To do —
Only the pictures should be dropped; every line of the data must come back exactly as written.

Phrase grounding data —
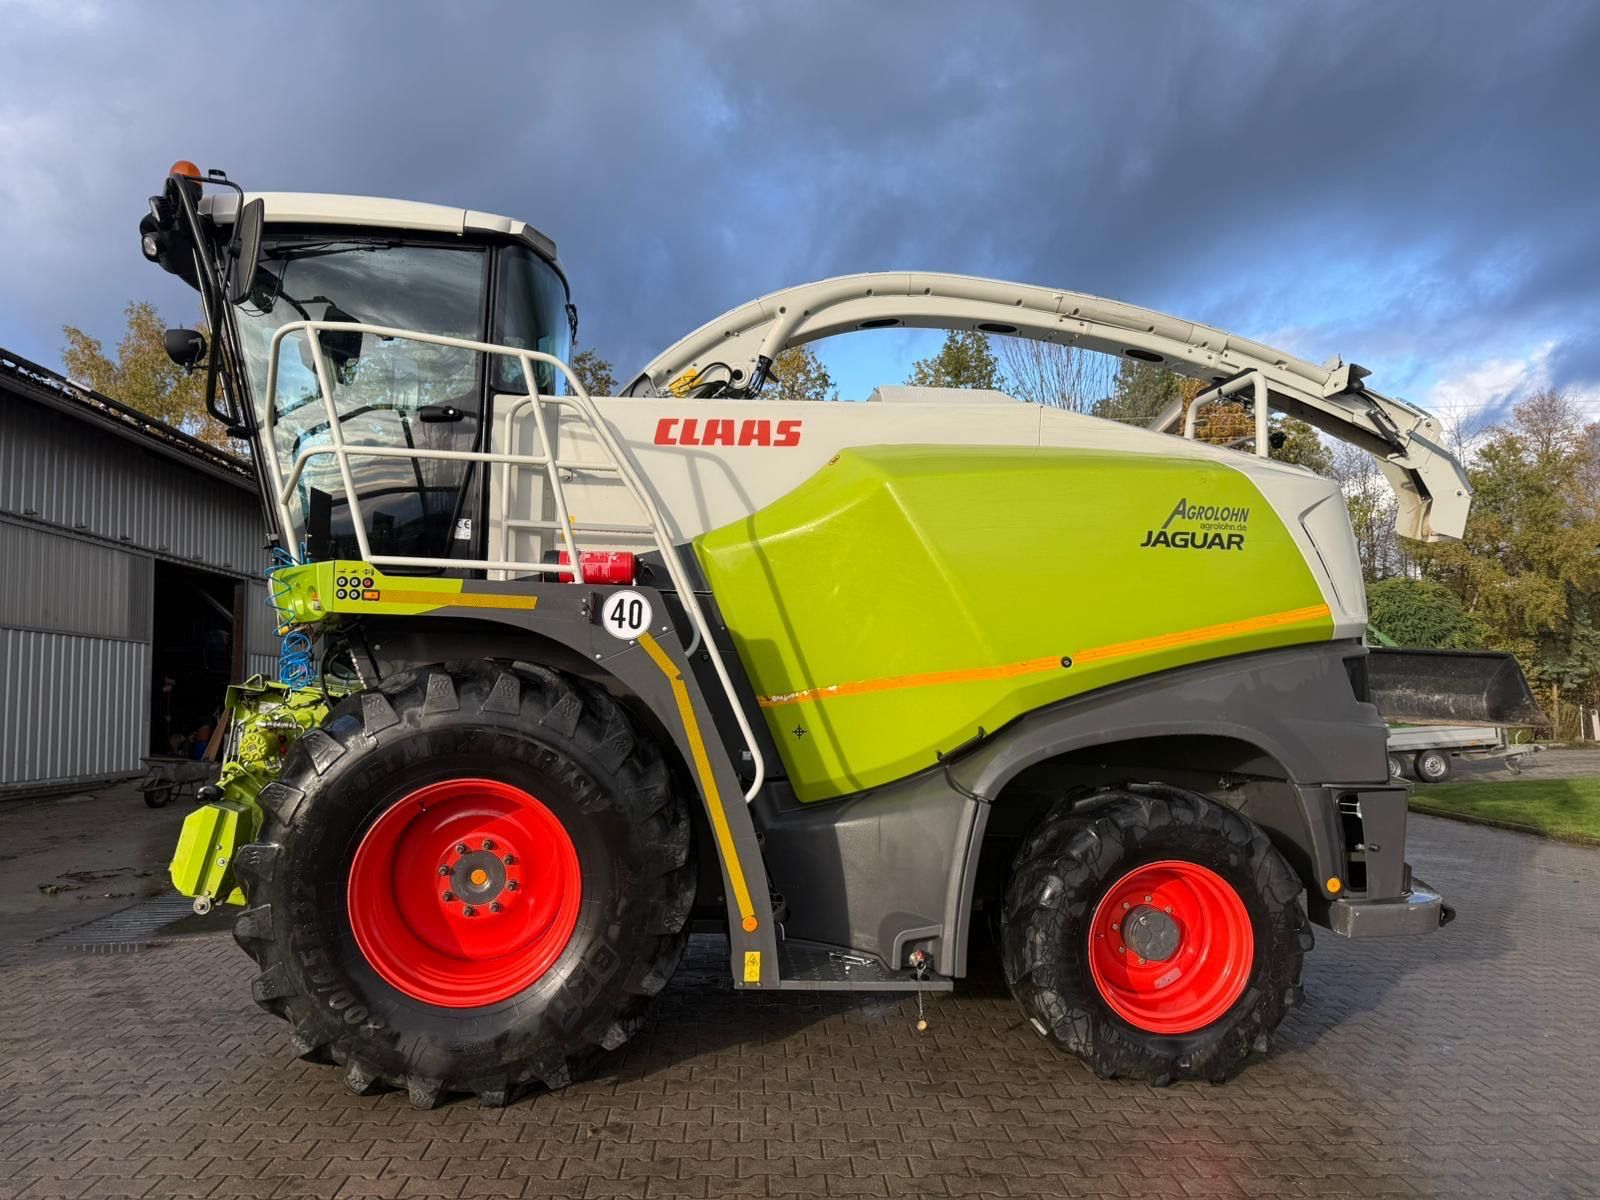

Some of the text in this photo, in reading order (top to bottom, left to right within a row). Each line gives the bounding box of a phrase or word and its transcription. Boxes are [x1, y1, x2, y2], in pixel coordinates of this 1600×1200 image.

[654, 418, 802, 446] CLAAS
[1200, 521, 1248, 531] agrolohn.de
[1140, 530, 1245, 551] JAGUAR
[611, 598, 643, 629] 40
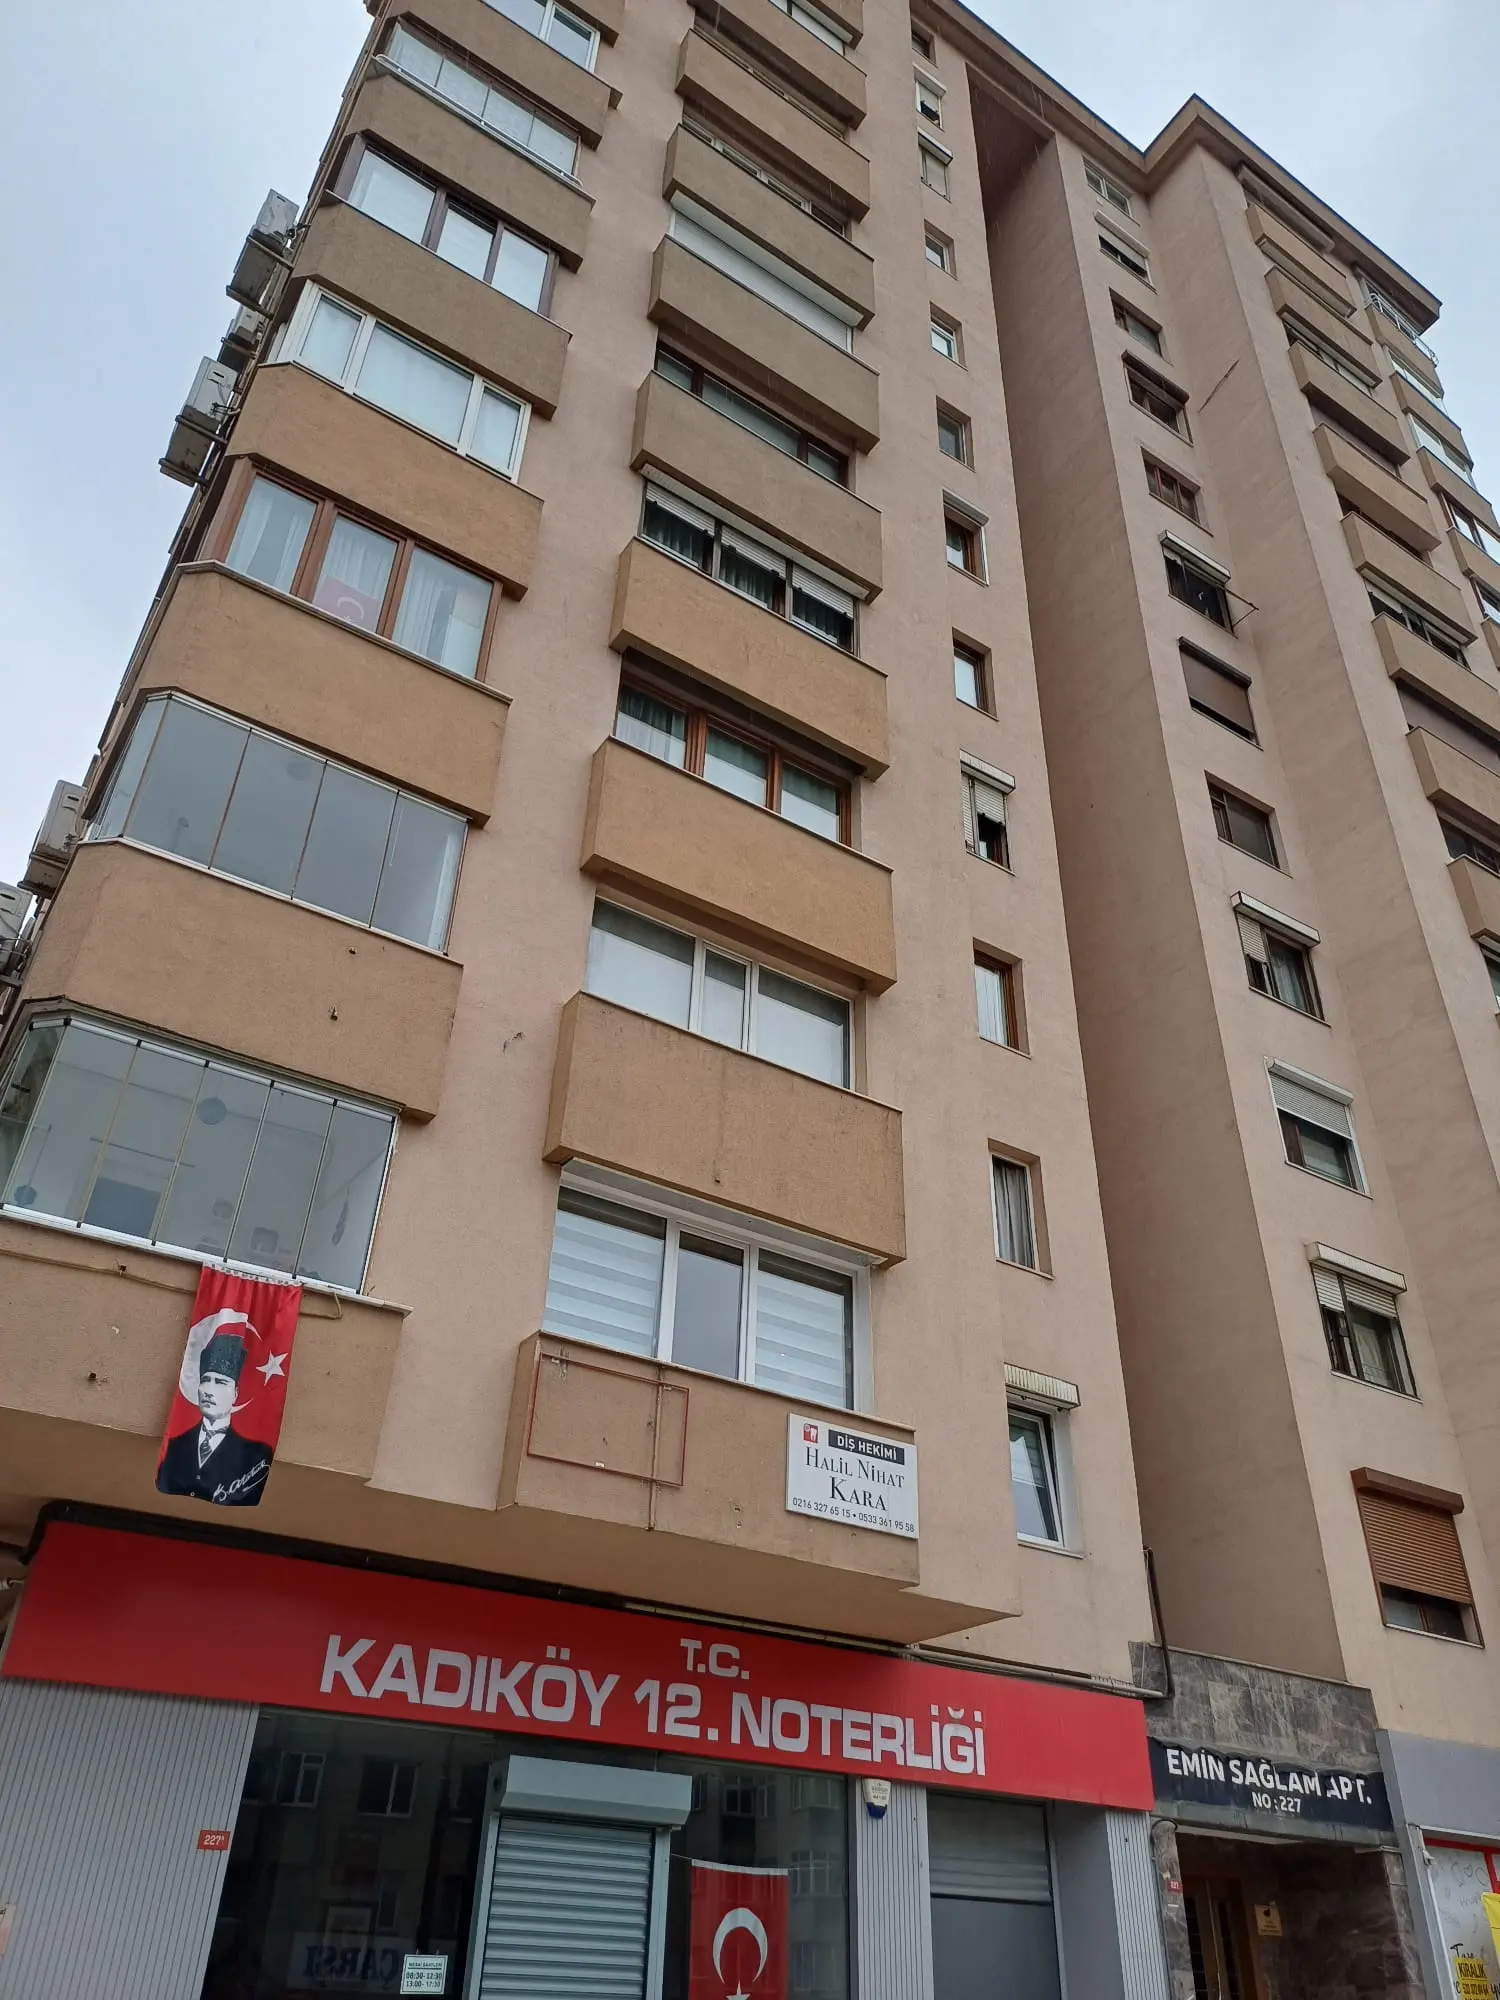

Response —
Some of the text in this photo, in reading order (top to bottom, left to right within a row). Each line gives the bounding box of a phrase or word and its transcription. Boxes are [x1, y1, x2, y2], in pixel coordinates of this 1600×1200 image.

[654, 418, 802, 446] CLAAS
[1200, 521, 1248, 531] agrolohn.de
[1140, 530, 1245, 551] JAGUAR
[611, 598, 643, 629] 40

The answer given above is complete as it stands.